Segment Start: SUPPLIED INFORMATION

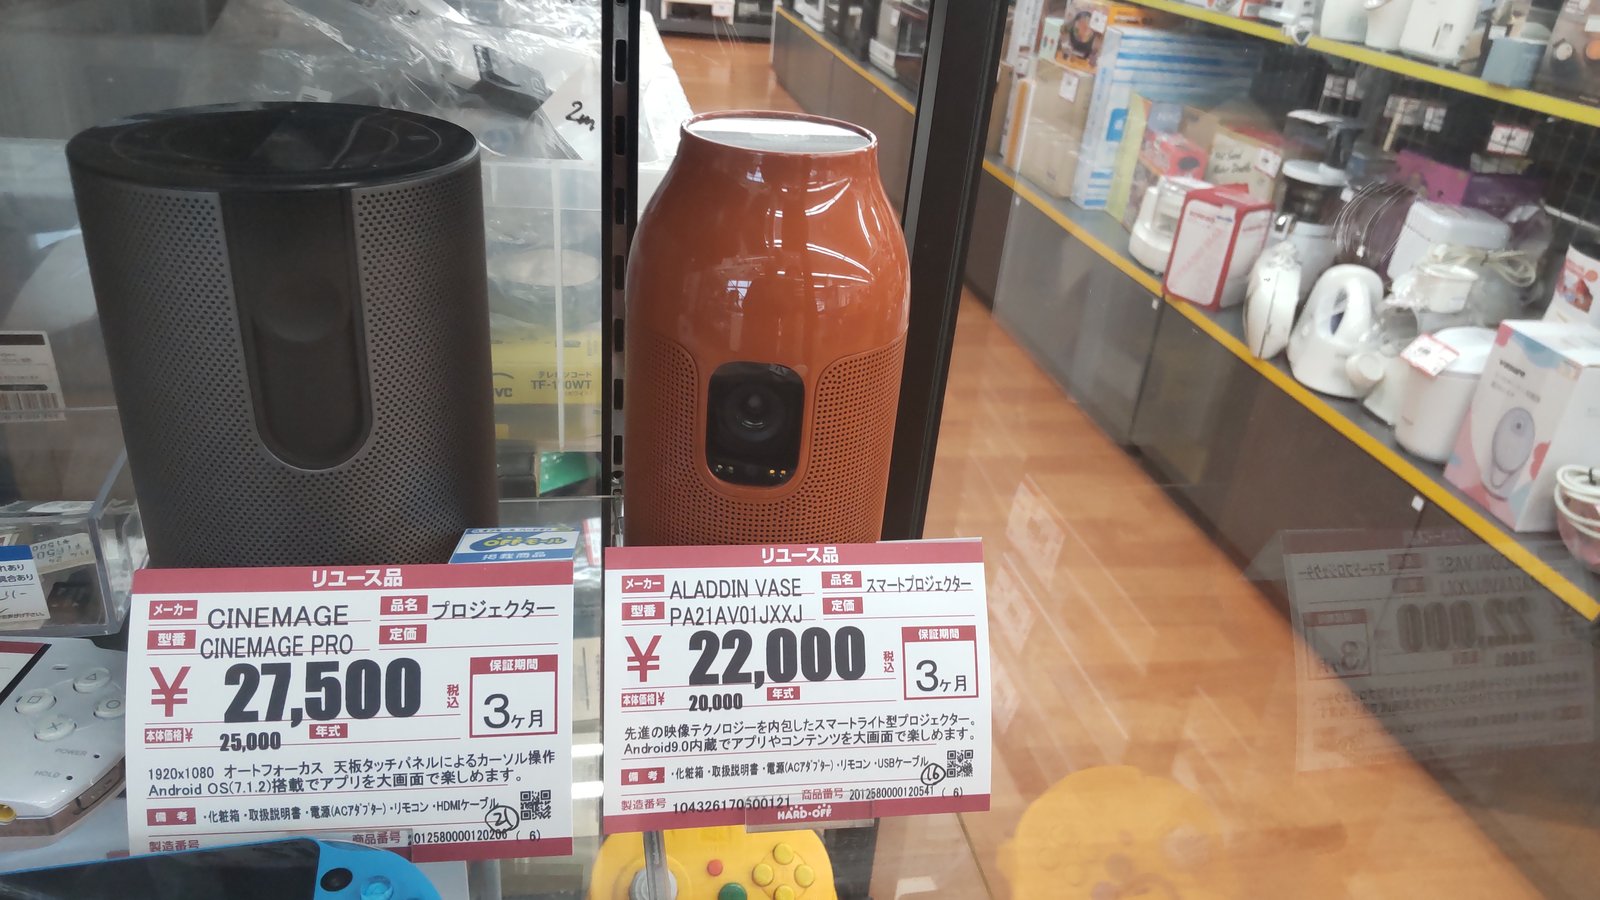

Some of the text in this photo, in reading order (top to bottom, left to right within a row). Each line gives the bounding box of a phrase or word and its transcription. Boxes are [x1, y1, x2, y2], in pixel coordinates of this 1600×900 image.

[530, 380, 592, 390] TF-10WT
[762, 547, 839, 564] リユース品
[312, 568, 402, 588] リユース品
[625, 578, 661, 590] メーカー
[830, 573, 854, 586] 品名
[866, 575, 972, 593] スマートプロジェクター
[670, 578, 802, 600] ALADDIN VASE
[153, 602, 194, 617] メーカー
[390, 598, 418, 612] 品名
[432, 599, 556, 621] プロジェクター
[631, 605, 656, 617] 型番
[831, 599, 855, 612] 定価
[207, 605, 349, 630] CINEMAGE
[670, 605, 803, 626] PA21AV01JXXJ
[157, 632, 186, 647] 型番
[389, 627, 417, 642] 定価
[918, 628, 960, 641] 保証期間
[200, 634, 354, 660] CINEMAGE PRO
[489, 658, 538, 671] 保証期間
[688, 625, 866, 689] 22,000
[883, 651, 894, 673] 税込
[224, 658, 421, 728] 27,500
[446, 684, 459, 709] 税込
[772, 688, 795, 699] 年式
[688, 693, 743, 712] 20,000
[316, 725, 341, 738] 年式
[219, 731, 281, 753] 25,000
[34, 770, 61, 779] HOLD
[148, 766, 214, 781] 1920x1080
[224, 761, 324, 779] オートフォーカス
[148, 782, 202, 797] Android
[802, 787, 843, 800] 商品番号
[621, 798, 666, 811] 製造番号
[352, 831, 401, 845] 商品番号
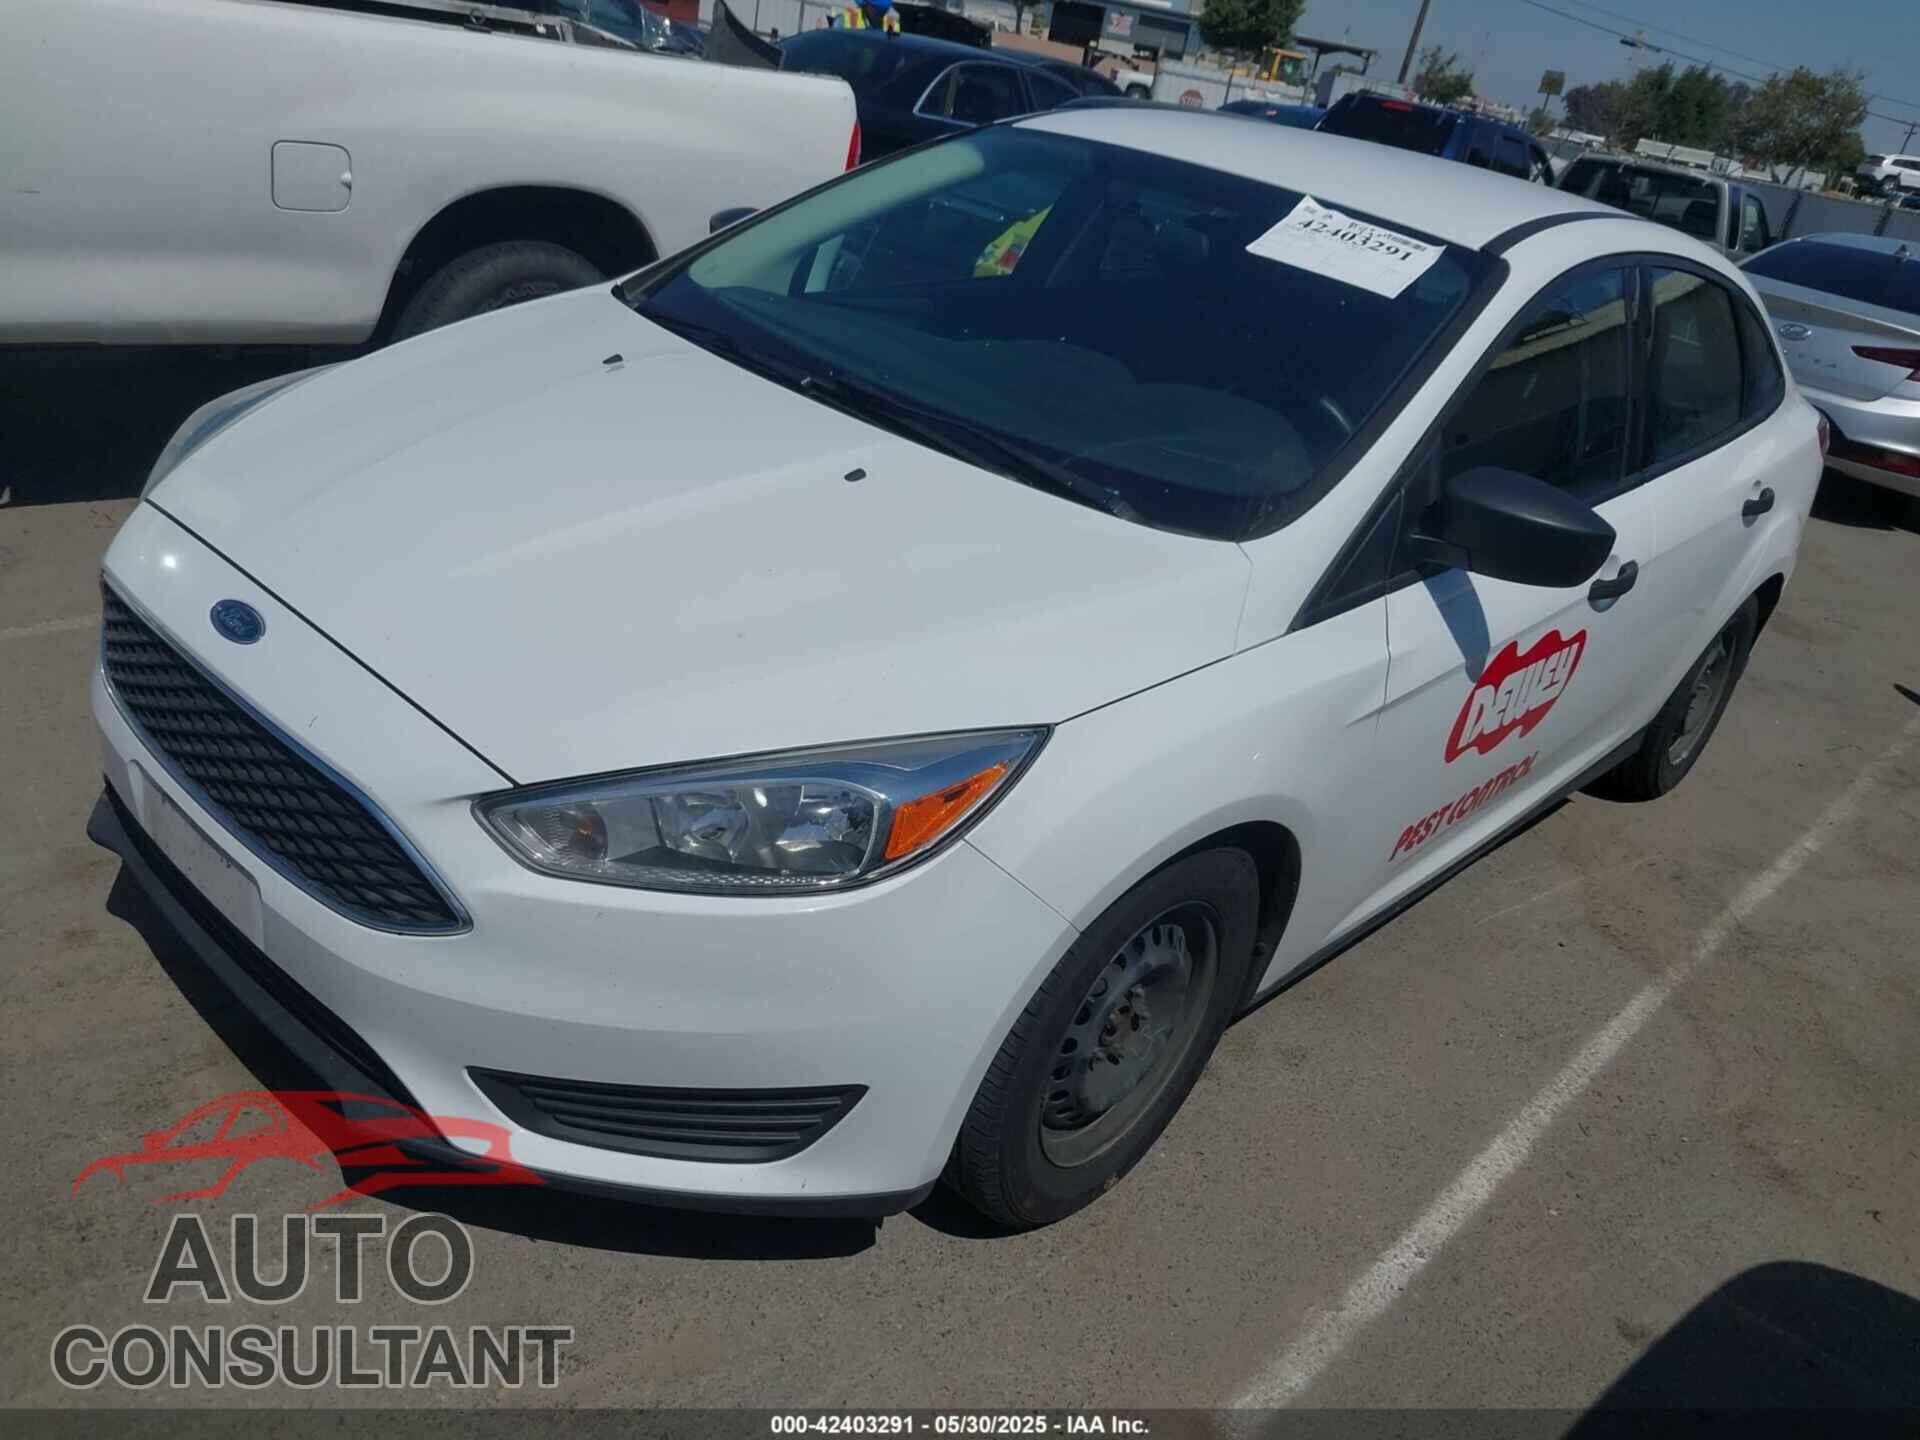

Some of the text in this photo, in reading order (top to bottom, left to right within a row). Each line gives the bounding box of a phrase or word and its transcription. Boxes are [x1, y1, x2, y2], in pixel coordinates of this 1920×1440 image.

[1298, 219, 1412, 261] 42403291
[1457, 642, 1581, 750] DEWEY
[1388, 800, 1454, 862] PEST

Segment End: SUPPLIED INFORMATION

** TASK DETAILS **
Please restate, exactly as written, the line that holds "this 1920×1440 image." and all remaining lines of the data above, and only those.

** OUTPUT **
Some of the text in this photo, in reading order (top to bottom, left to right within a row). Each line gives the bounding box of a phrase or word and its transcription. Boxes are [x1, y1, x2, y2], in pixel coordinates of this 1920×1440 image.

[1298, 219, 1412, 261] 42403291
[1457, 642, 1581, 750] DEWEY
[1388, 800, 1454, 862] PEST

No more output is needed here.